As shown in Figure 4 and Table 4, we can discern that the ROC curves based on the mixed-endpoint joint labels generally had higher AUCs in either the experiment or validation groups, with an average improvement of about 0.2 over those based on ORR labels alone, and the range of confidence intervals likewise supports this conclusion. More importantly, all the AUCs established on the proposed indices exceeded 0.6, ranges from 0.663 to 0.972, reflecting our model’s more robust discrimination capabilities. For comparison, as for the ROCs based on original ORR labels, despite the classification ability varying among cancer types, the ROCs in most cases showed more inferiority, with half of the cases only marginally exceeding 0.5 not reaching 0.6, even equivalent to random chance. The results in Figure 4 and Table 4 fully demonstrate that the subgrouping of TMB under the joint modeling of multiple endpoints is significantly improved compared to the existing subgrouping based on the ORR single label. We attribute this phenomenon to a proportion of the patients with opposing effects on the two rubrics present in these cases. Although high TMB was reported associated with ICI treatment improvement in terms of overall trends, the status of a single indicator alone is not fully representative of the patient’s actual matter. This is why the ROC curves established based on only a single endpoint have such poor performance. Integrating patients’ multi-dimensional information and joint modeling mixed-endpoints can prompt a more comprehensive stratification of TMB. Our approach could provide clinicians with a full assessment of efficacy, resulting in a comprehensive determination of the TMB screening threshold for superior patients.

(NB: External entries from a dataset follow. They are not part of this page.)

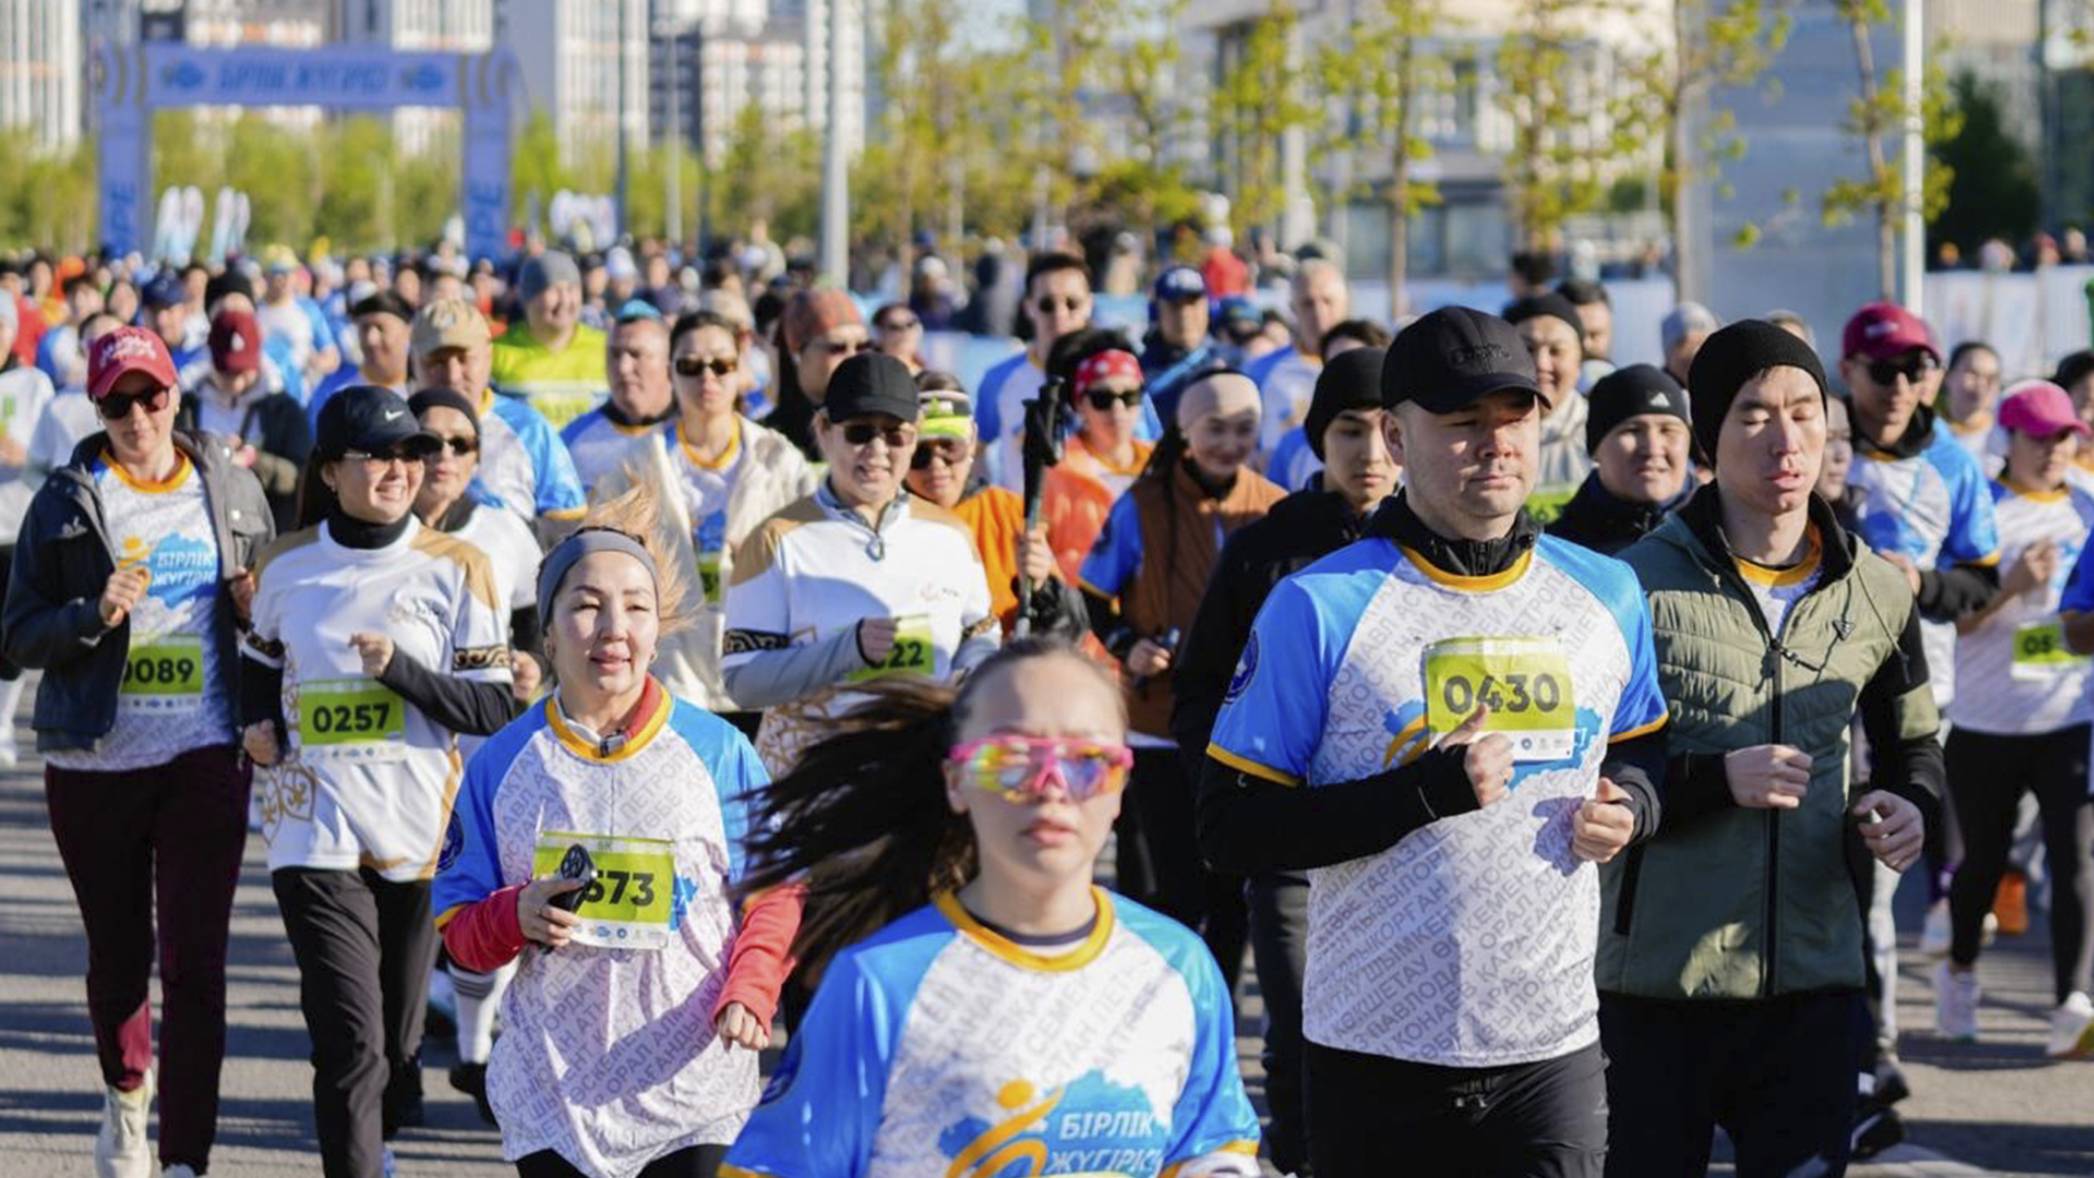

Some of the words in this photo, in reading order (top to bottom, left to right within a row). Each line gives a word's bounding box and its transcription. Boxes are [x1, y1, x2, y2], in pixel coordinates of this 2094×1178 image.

[887, 640, 925, 668] 22
[1443, 673, 1561, 715] 0430
[312, 704, 390, 733] 0257
[1475, 891, 1535, 954] ОРАЛ
[602, 1040, 653, 1097] ОРАЛ
[1059, 1109, 1155, 1140] БІРЛІК

FIGURE 4. Receiver operating characteristic curves of the predictive capacity of prognosis label for two experiment cohorts and validation cohorts, depicting the true-positive rate (sensitivity, y-axis) and false-positive rate (1-specificity, x-axis) for the metric across all possible TMB thresholds. The corresponding area under the curve (AUC) is illustrated in the figure legends. (A) ROC curves for NPC (panel) experiment cohort, bladder cohort, and RCC cohort based on ORR labels alone. (B) ROC curves for NSCLC (WES) experiment cohort, NSCLC_35 cohort, NSCLC_57 cohort, and NSCLC_240 cohort based on ORR labels alone. (C) ROC curves for Mel_37 cohort, Mel_52 cohort, Mel_64 cohort, and Mel_105 cohort based on ORR labels alone. (D) ROC curves for NPC (panel) experiment cohort, bladder cohort, and RCC cohort based on the mixed-endpoint labels. (E) ROC curves for NSCLC (WES) experiment cohort, NSCLC_35 cohort, NSCLC_57 cohort, and NSCLC_240 cohort based on the mixed-endpoint labels. (F) ROC curves for Mel_37 cohort, Mel_52 cohort, Mel_64 cohort, and Mel_105 cohort based on the mixed-endpoint labels.

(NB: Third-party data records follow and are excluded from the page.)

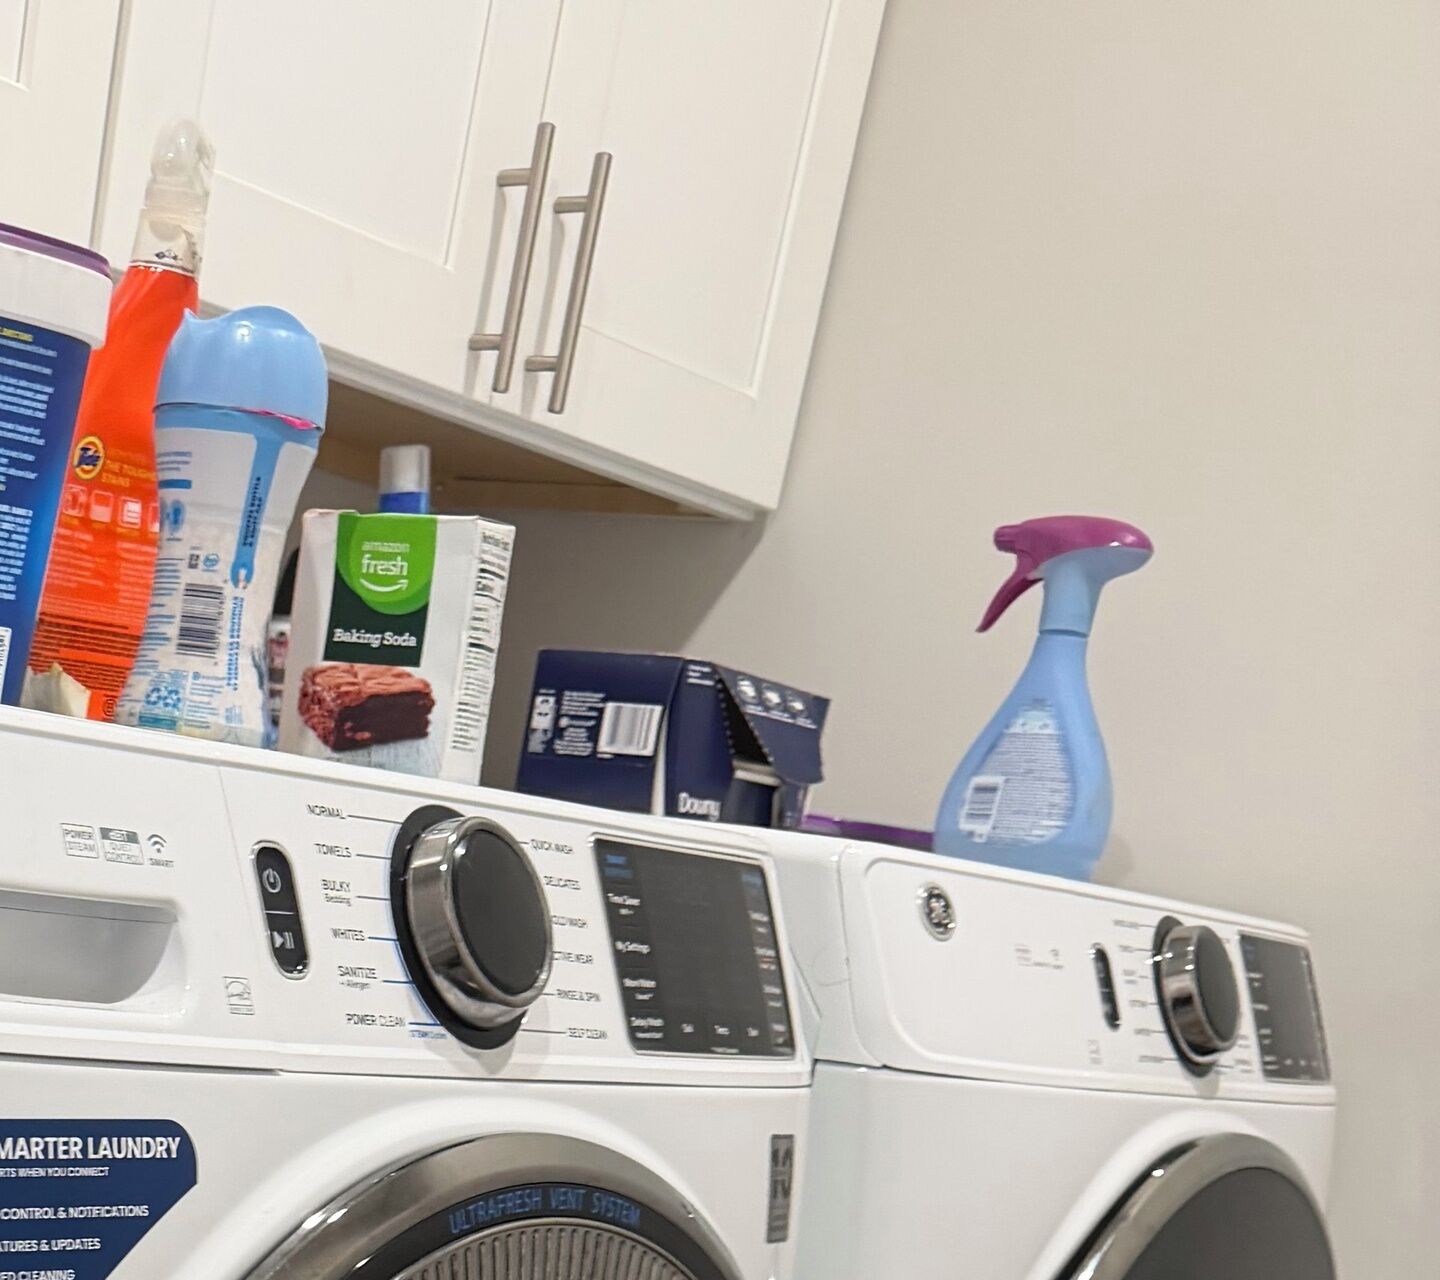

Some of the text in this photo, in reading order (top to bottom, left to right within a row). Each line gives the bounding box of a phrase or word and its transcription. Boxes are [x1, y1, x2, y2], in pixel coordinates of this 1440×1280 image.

[361, 541, 410, 552] amazon
[361, 553, 408, 576] fresh
[332, 628, 417, 648] Baking Soda
[307, 804, 346, 820] NORMAL
[678, 792, 721, 822] Downy
[63, 829, 93, 841] POWER
[314, 843, 352, 858] TOWELS
[530, 838, 553, 852] QUICK
[148, 857, 175, 868] SMART
[321, 879, 351, 893] BULKY
[330, 928, 365, 942] WHITES
[551, 950, 574, 963] CTIVE
[337, 965, 378, 980] SANITIZE
[345, 1013, 406, 1028] POWER CLEAN
[568, 1027, 608, 1040] SELF CLEAN
[87, 1136, 181, 1159] LAUNDRY
[17, 1167, 47, 1177] WHEN
[46, 1167, 66, 1177] YOU
[66, 1166, 109, 1177] CONNECT
[0, 1206, 56, 1220] CONTROL
[57, 1206, 67, 1219] &
[68, 1205, 149, 1219] NOTIFICATIONS
[448, 1188, 642, 1235] ULTRAFRESH VENT SYSTEM
[39, 1239, 50, 1251] &
[51, 1238, 101, 1251] UPDATES
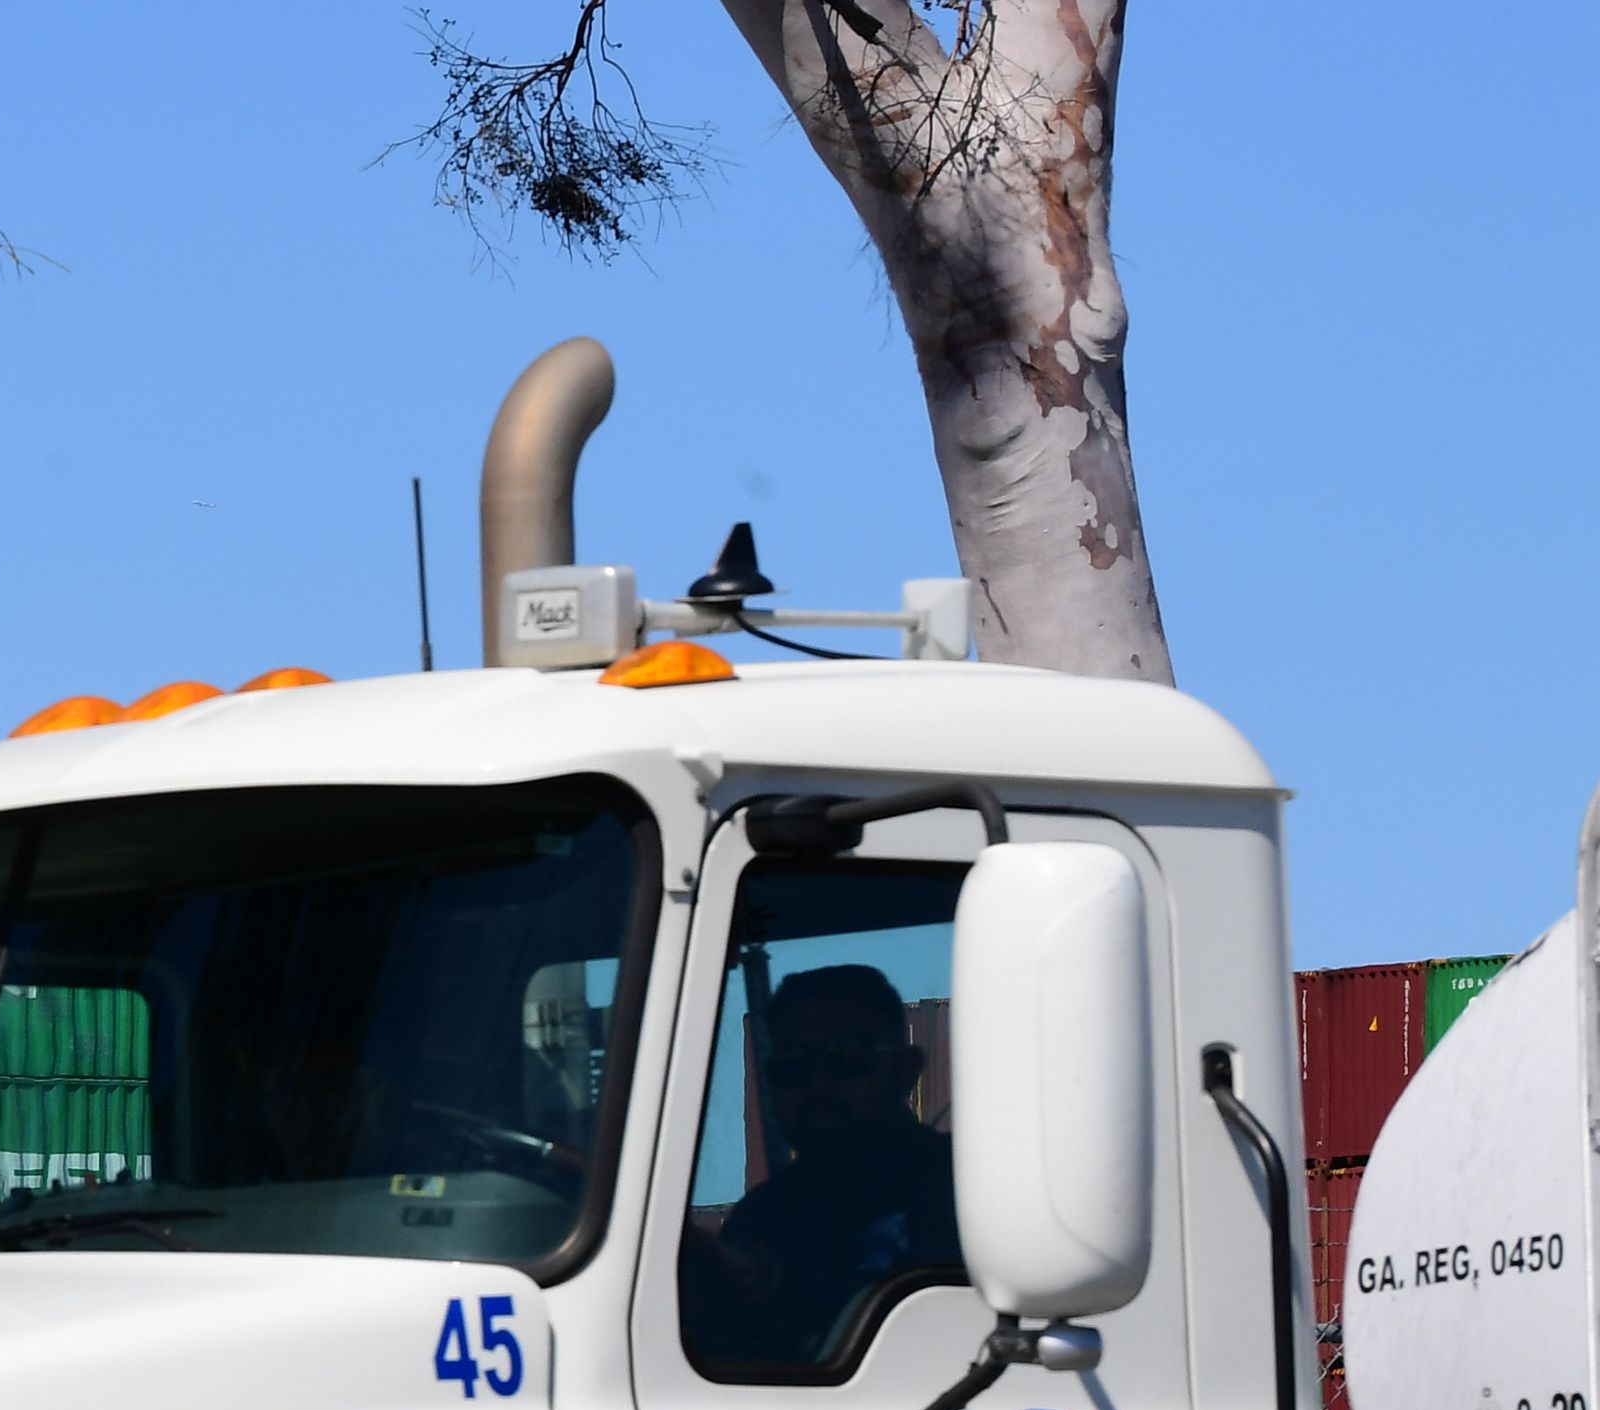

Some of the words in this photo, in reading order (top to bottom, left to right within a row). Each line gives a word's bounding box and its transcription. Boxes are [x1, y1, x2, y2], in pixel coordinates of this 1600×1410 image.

TABLE 4. AUC comparison. The table reports the area under the curve (AUC), as well as the corresponding 0.95 confidence interval, for each metric (columns) applied to a different cancer cohort (rows). Bold-faced values indicate the best value for each cancer cohort.
To verify that our proposed threshold delineation method for TMB remains valid and robust under the perturbation of measurement errors, we added 10%–20% artificial noise according to the actual TMB level. Given the small number of patients in some cases, which are over-sensitive to data noise, we selected several groups of cases with more patients for analysis. The results are shown in Figure 5 and Table 5. Under the perturbation of artificial noise, the AUC of each group showed mostly a slight decrease compared to the error-free cases. However, the ROC curves based on our proposed joint labels still maintain a high AUC, which is about 0.3 higher on average than the ROC curves based on ORR labels only. These results demonstrate the high error tolerance of our proposed joint model.

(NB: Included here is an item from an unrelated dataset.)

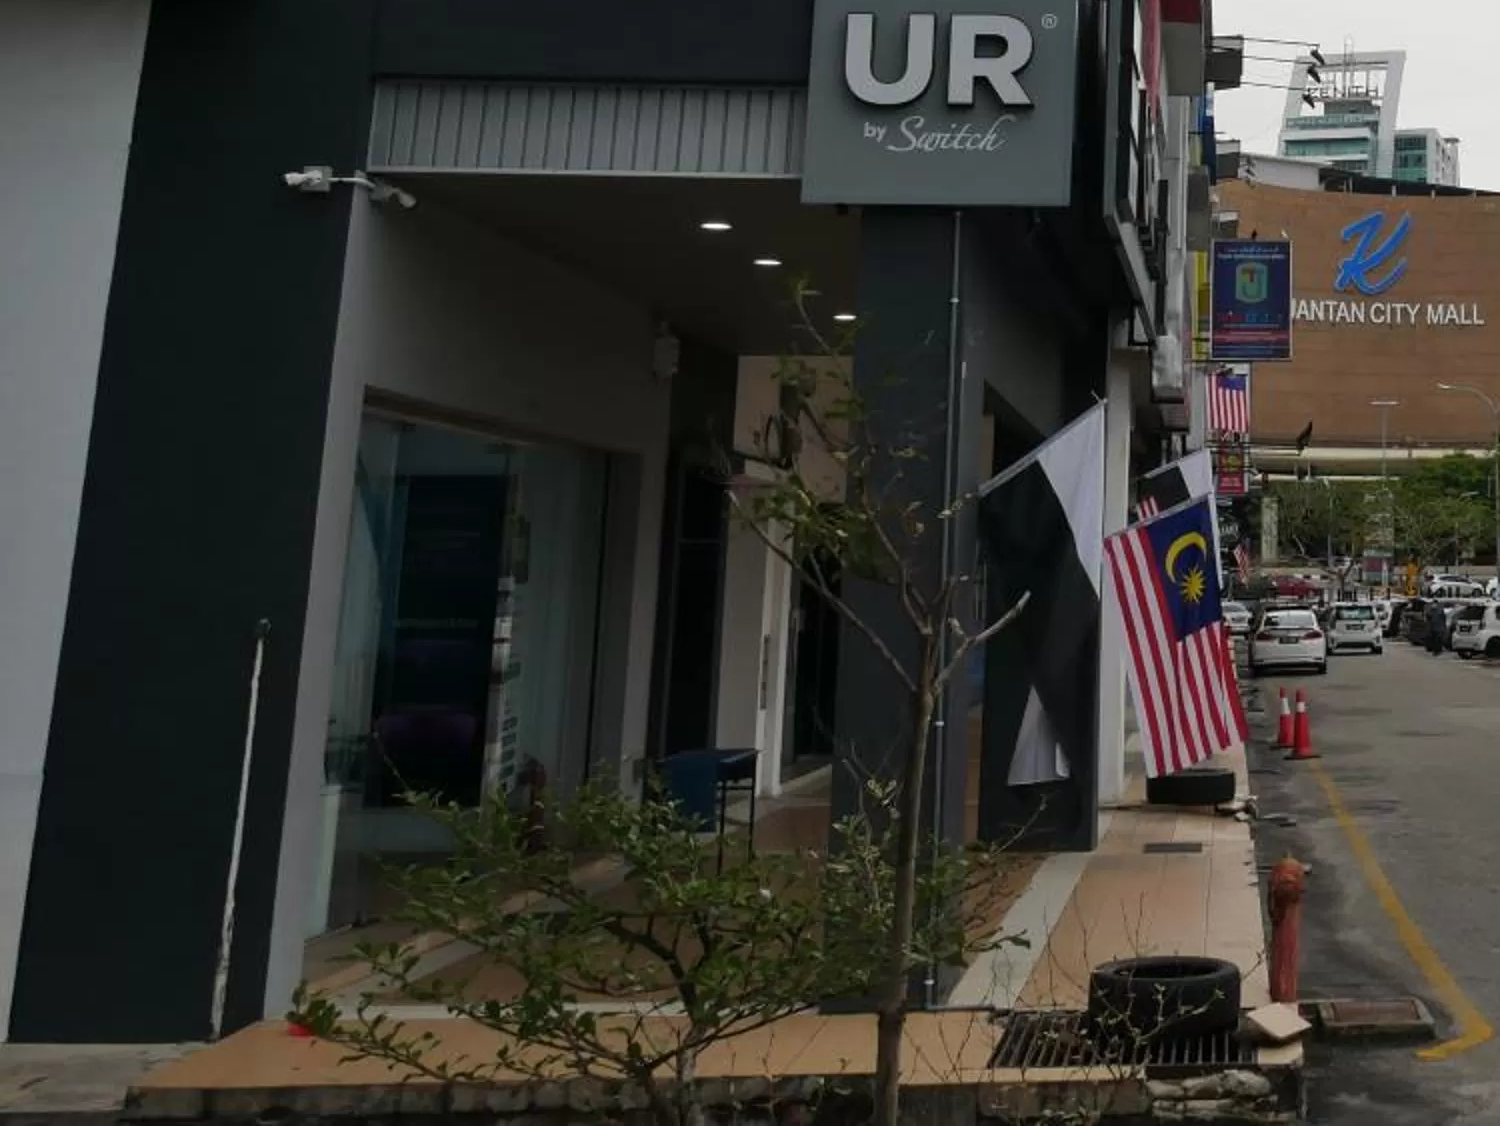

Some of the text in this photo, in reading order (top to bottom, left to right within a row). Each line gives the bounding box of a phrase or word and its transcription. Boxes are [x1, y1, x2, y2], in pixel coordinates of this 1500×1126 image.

[844, 13, 1034, 106] UR
[863, 114, 1016, 152] by Switch
[1370, 302, 1421, 325] CITY
[1427, 304, 1485, 326] MALL

FIGURE 5. Receiver operating characteristic curves of the predictive capacity of prognosis label for two experiment cohorts and validation cohorts, depicting the true-positive rate (sensitivity, y-axis) and false-positive rate (1-specificity, x-axis) for the metric across all possible TMB thresholds considering measurement errors. The corresponding area under the curve (AUC) is illustrated in the figure legends. (A) ROC curves for NPC (Panel), NSCLC (WES) experiment cohort, Mel_64 cohort, Mel_105 cohort, and NSCLC_240 cohort based on ORR labels considering TMB measurement errors. (B) ROC curves for NPC (panel), NSCLC (WES) experiment cohort, Mel_64 cohort, Mel_105 cohort, and NSCLC_240 cohort based on the mixed-endpoint labels considering TMB measurement errors.
TABLE 5. AUC comparison. The table reports the area under the curve (AUC), as well as the corresponding 0.95 confidence interval, for each metric (columns) applied to a different cancer cohort (rows). Bold-faced values indicate the best value for each cancer cohort.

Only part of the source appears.